Collected data
▬▬▬▬▬▬

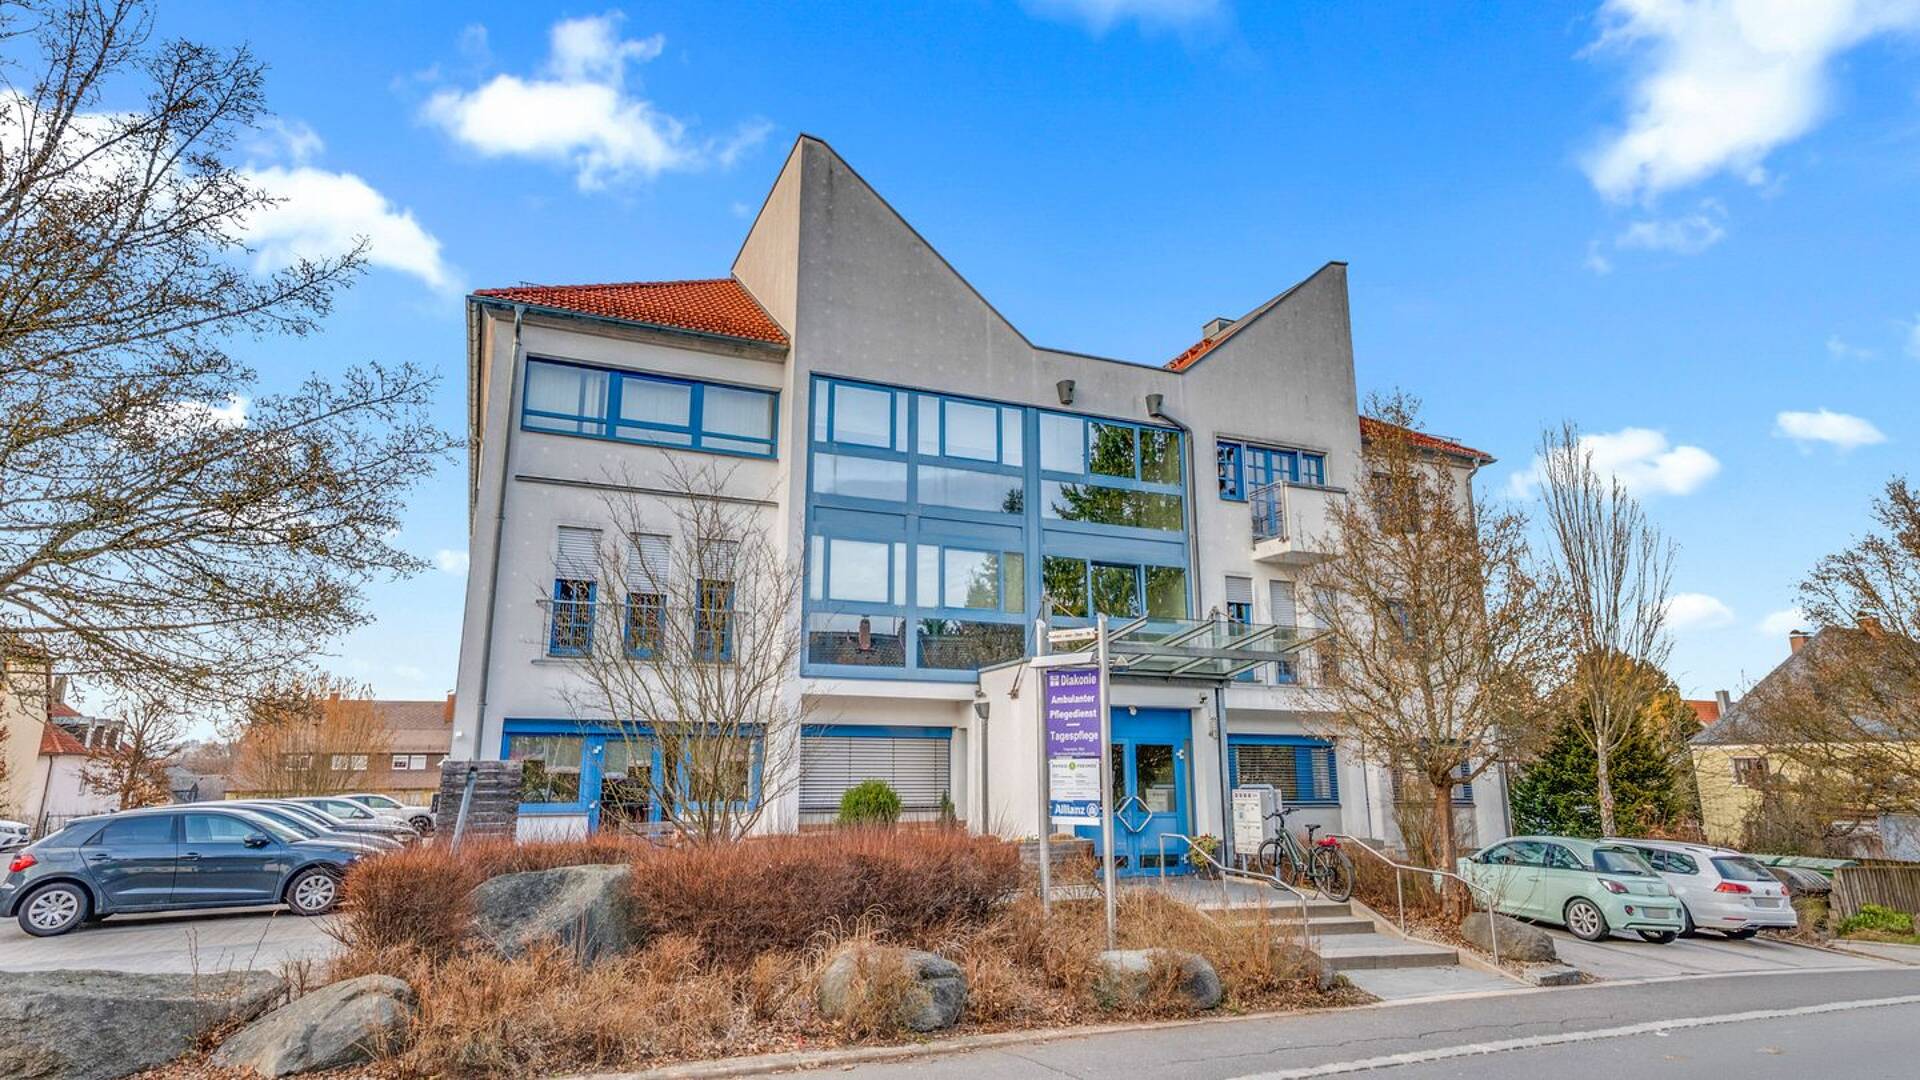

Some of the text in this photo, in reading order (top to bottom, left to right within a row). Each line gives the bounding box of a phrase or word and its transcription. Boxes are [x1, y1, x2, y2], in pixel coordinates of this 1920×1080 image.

[1061, 673, 1096, 686] Diakonie
[1051, 694, 1095, 704] Ambulanter
[1049, 709, 1097, 720] Pflegedienst
[1050, 730, 1098, 743] Tagespflege
[1054, 803, 1085, 815] Allianz
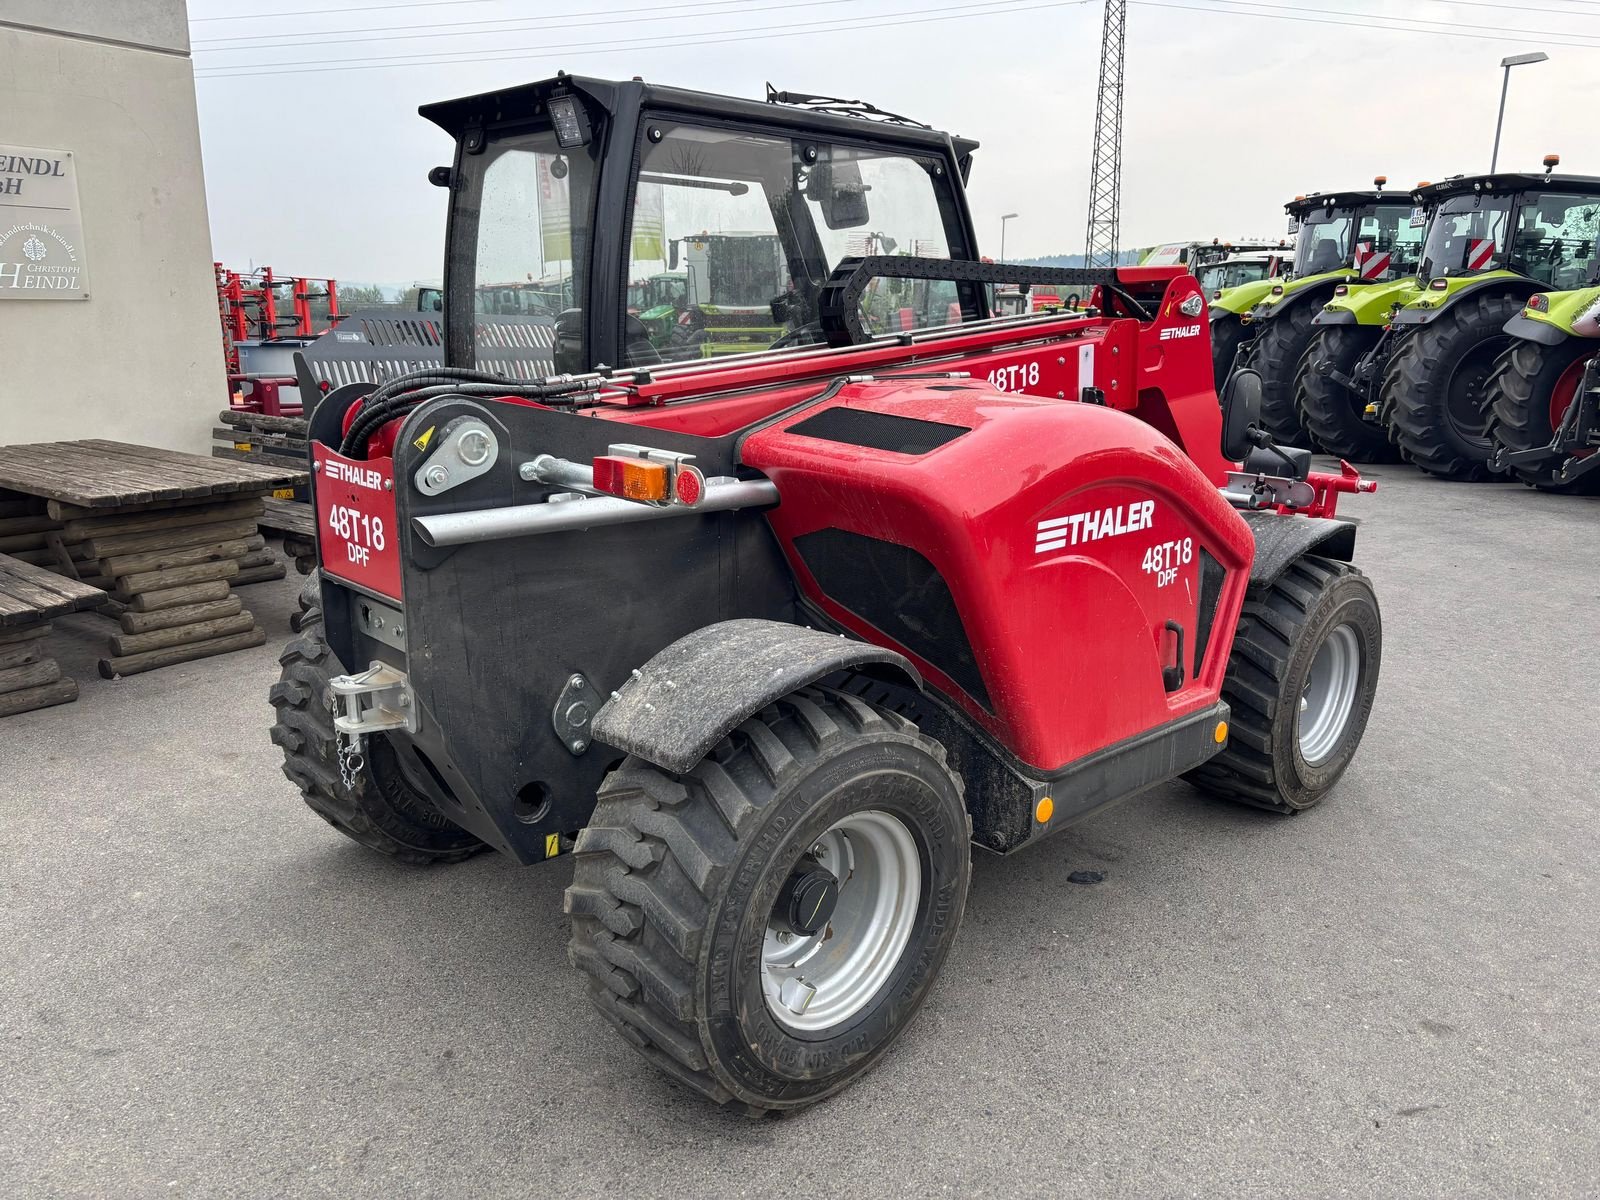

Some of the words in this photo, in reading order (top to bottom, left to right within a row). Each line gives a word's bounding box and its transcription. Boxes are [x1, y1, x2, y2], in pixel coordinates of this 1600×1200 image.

[27, 263, 80, 274] CHRISTOPH
[1167, 324, 1201, 339] THALER
[987, 362, 1040, 392] 48T18
[334, 462, 382, 491] THALER
[329, 504, 385, 551] 48T18
[1062, 499, 1155, 547] THALER
[347, 542, 370, 567] DPF
[1141, 537, 1193, 574] 48T18
[1157, 567, 1179, 588] DPF

▬▬▬▬▬▬

Give back each line above verbatim, dropping every picture.

Some of the text in this photo, in reading order (top to bottom, left to right within a row). Each line gives the bounding box of a phrase or word and its transcription. Boxes are [x1, y1, x2, y2], in pixel coordinates of this 1920×1080 image.

[1061, 673, 1096, 686] Diakonie
[1051, 694, 1095, 704] Ambulanter
[1049, 709, 1097, 720] Pflegedienst
[1050, 730, 1098, 743] Tagespflege
[1054, 803, 1085, 815] Allianz

Some of the words in this photo, in reading order (top to bottom, left to right within a row). Each line gives a word's bounding box and its transcription. Boxes are [x1, y1, x2, y2], in pixel coordinates of this 1600×1200 image.

[27, 263, 80, 274] CHRISTOPH
[1167, 324, 1201, 339] THALER
[987, 362, 1040, 392] 48T18
[334, 462, 382, 491] THALER
[329, 504, 385, 551] 48T18
[1062, 499, 1155, 547] THALER
[347, 542, 370, 567] DPF
[1141, 537, 1193, 574] 48T18
[1157, 567, 1179, 588] DPF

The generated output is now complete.